EXERCISE DETAILS: Retype each record below word for word, pictures excluded.

++++++++++++++++++++

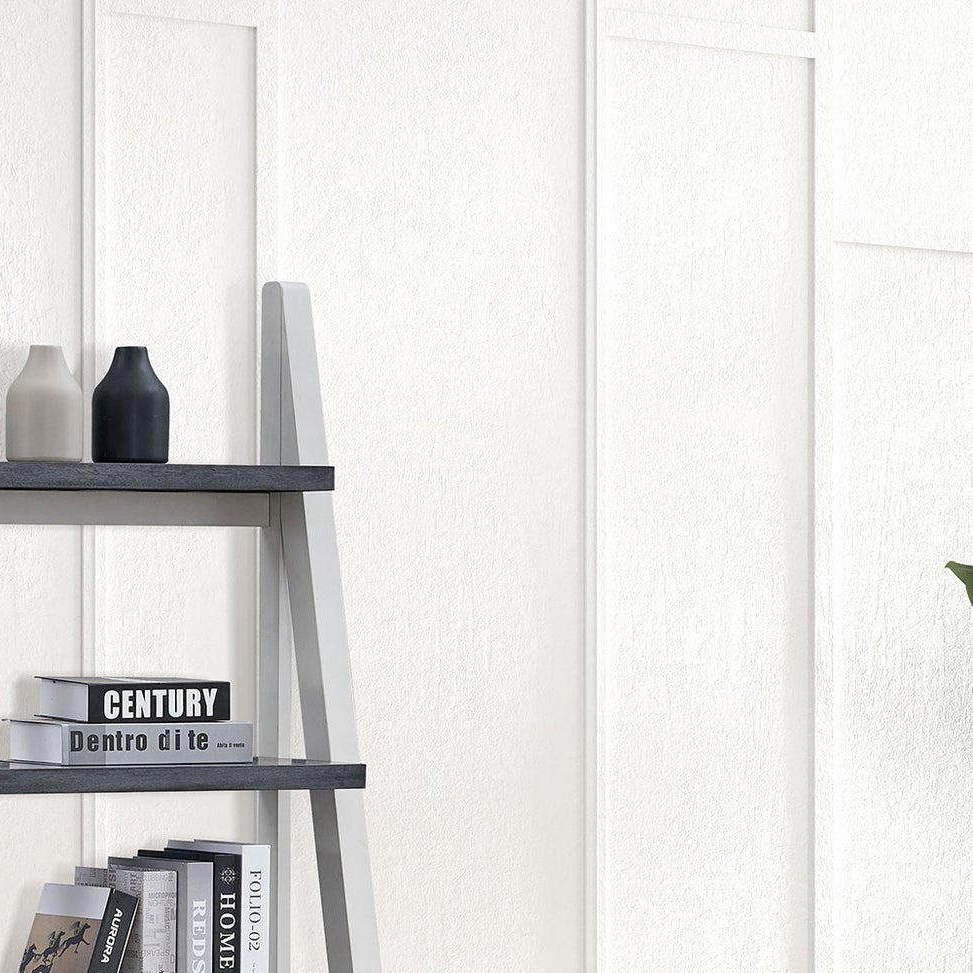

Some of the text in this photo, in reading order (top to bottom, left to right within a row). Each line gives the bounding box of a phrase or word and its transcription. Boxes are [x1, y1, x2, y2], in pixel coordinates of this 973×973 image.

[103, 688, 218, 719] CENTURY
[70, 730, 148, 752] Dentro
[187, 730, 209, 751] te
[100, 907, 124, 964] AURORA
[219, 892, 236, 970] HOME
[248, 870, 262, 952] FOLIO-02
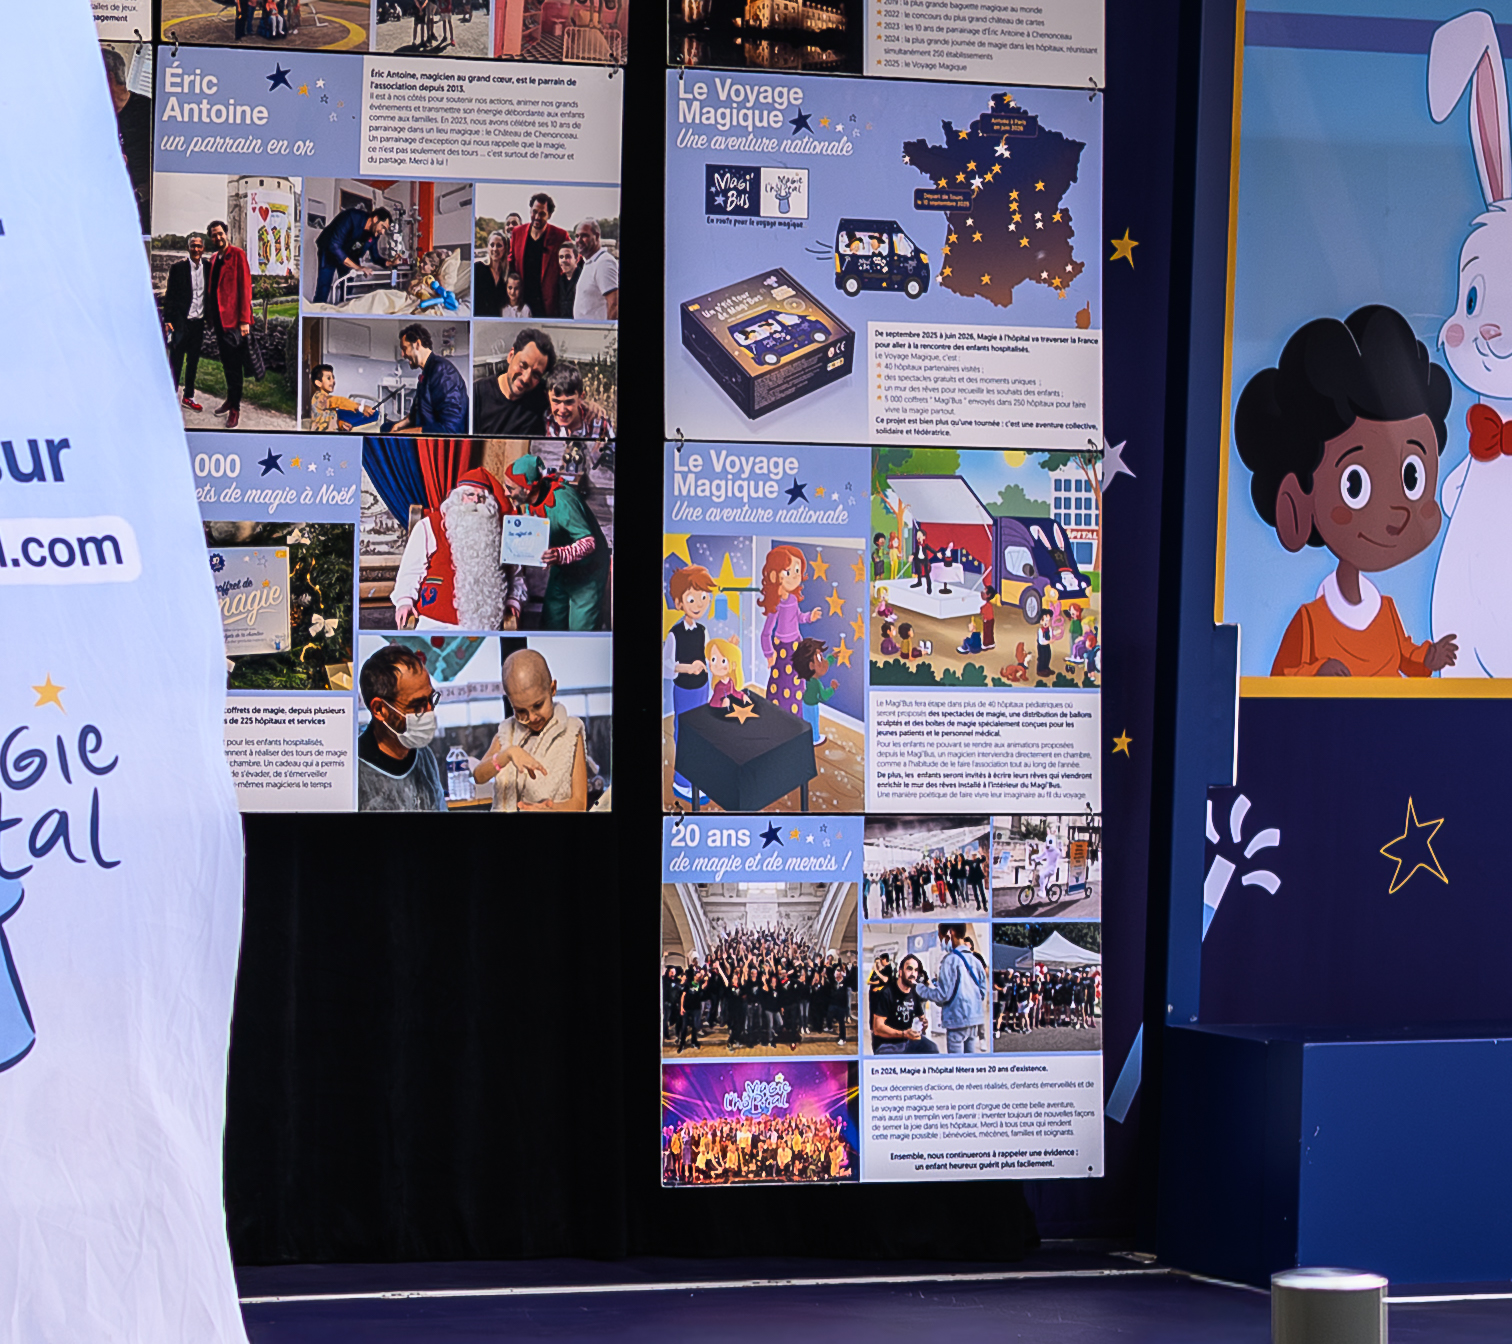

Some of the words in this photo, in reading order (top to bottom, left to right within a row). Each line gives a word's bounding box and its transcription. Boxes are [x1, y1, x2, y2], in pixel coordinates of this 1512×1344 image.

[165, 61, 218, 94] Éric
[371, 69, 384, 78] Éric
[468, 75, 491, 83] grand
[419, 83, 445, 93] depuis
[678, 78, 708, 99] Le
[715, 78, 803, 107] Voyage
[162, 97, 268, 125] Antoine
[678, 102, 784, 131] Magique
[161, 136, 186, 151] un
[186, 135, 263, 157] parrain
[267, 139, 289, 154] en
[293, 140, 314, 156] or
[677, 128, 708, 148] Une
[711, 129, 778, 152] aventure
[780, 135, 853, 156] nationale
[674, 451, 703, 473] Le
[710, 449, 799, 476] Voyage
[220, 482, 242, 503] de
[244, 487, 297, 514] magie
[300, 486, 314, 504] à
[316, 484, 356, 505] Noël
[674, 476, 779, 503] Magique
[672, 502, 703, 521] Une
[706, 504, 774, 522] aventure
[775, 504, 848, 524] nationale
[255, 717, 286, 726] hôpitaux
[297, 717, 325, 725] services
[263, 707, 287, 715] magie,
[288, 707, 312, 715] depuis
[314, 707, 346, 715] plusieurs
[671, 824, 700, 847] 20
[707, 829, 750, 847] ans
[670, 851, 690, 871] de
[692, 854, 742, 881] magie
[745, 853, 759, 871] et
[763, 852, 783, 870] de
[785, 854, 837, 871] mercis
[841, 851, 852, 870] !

++++++++++++++++++++

RESPONSE BOX:
Some of the text in this photo, in reading order (top to bottom, left to right within a row). Each line gives the bounding box of a phrase or word and its transcription. Boxes are [x1, y1, x2, y2], in pixel coordinates of this 973×973 image.

[103, 688, 218, 719] CENTURY
[70, 730, 148, 752] Dentro
[187, 730, 209, 751] te
[100, 907, 124, 964] AURORA
[219, 892, 236, 970] HOME
[248, 870, 262, 952] FOLIO-02

Some of the words in this photo, in reading order (top to bottom, left to right within a row). Each line gives a word's bounding box and its transcription. Boxes are [x1, y1, x2, y2], in pixel coordinates of this 1512×1344 image.

[165, 61, 218, 94] Éric
[371, 69, 384, 78] Éric
[468, 75, 491, 83] grand
[419, 83, 445, 93] depuis
[678, 78, 708, 99] Le
[715, 78, 803, 107] Voyage
[162, 97, 268, 125] Antoine
[678, 102, 784, 131] Magique
[161, 136, 186, 151] un
[186, 135, 263, 157] parrain
[267, 139, 289, 154] en
[293, 140, 314, 156] or
[677, 128, 708, 148] Une
[711, 129, 778, 152] aventure
[780, 135, 853, 156] nationale
[674, 451, 703, 473] Le
[710, 449, 799, 476] Voyage
[220, 482, 242, 503] de
[244, 487, 297, 514] magie
[300, 486, 314, 504] à
[316, 484, 356, 505] Noël
[674, 476, 779, 503] Magique
[672, 502, 703, 521] Une
[706, 504, 774, 522] aventure
[775, 504, 848, 524] nationale
[255, 717, 286, 726] hôpitaux
[297, 717, 325, 725] services
[263, 707, 287, 715] magie,
[288, 707, 312, 715] depuis
[314, 707, 346, 715] plusieurs
[671, 824, 700, 847] 20
[707, 829, 750, 847] ans
[670, 851, 690, 871] de
[692, 854, 742, 881] magie
[745, 853, 759, 871] et
[763, 852, 783, 870] de
[785, 854, 837, 871] mercis
[841, 851, 852, 870] !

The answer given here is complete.